Faisons preuve d’une charité sincère. Les efforts de Carême, en effet, n’ont pas pour objectif de réaliser une prouesse ascétique, qui n’aurait pour effet que de nous laisser satisfaits de nous-mêmes une fois celle-ci accomplie. Le Carême n’est pas là pour combler notre amour propre. La charité, au contraire – nous avons eu l’occasion d’aborder le sujet avec la magnifique lecture de saint Paul dimanche dernier – a Dieu pour objet, puis notre prochain, en raison de l’amour de Dieu. C’est donc vers cette finalité qu’il faut orienter nos efforts. Les petites privations auxquelles nous consentons nous permettent, en effet, d’épargner un peu de temps et d’argent, sachons donc investir ! Sachons mettre à profit cette épargne pour amasser un trésor de charité pour le ciel, notamment par la prière et l’aumône, ainsi que nous y invite la première oraison de cette messe : « faites, Seigneur, que votre famille poursuive par ses bonnes œuvres le bien qu’elle s’efforce d’obtenir au moyen de l’abstinence ». Tandis que le péché fait passer notre amour propre avant tout, la charité, elle, tend à mettre Dieu à la première place ; elle renverse donc l’ordre du péché, par celui de la grâce.

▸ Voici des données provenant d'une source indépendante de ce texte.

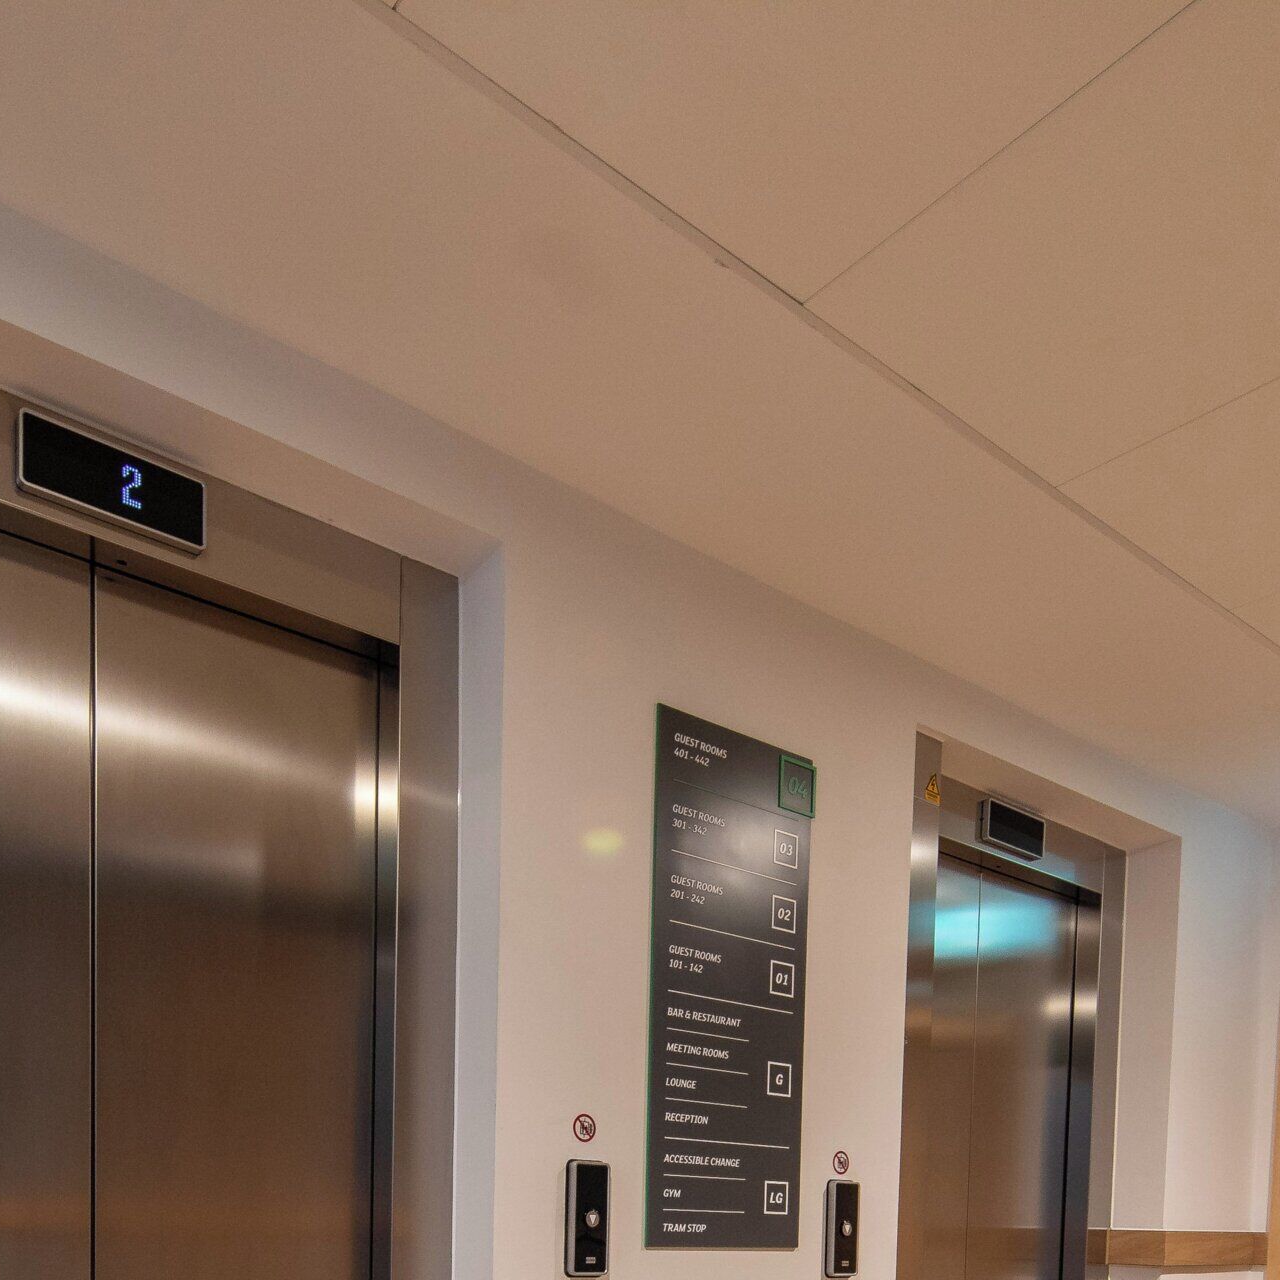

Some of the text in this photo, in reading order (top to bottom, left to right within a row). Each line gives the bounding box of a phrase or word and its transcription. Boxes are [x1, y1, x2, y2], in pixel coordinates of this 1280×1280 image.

Saint Paul avait donc finalement raison, et la lecture de ce matin était bien choisie : voici, en effet, le temps favorable. Voici le temps de nous faire du bien, chers amis ! Pas forcément de nous faire plaisir – il s’agit, au contraire, de renoncer à nous-mêmes – mais de remettre au centre de notre vie le plus grand des biens, qui est Dieu.

Amen.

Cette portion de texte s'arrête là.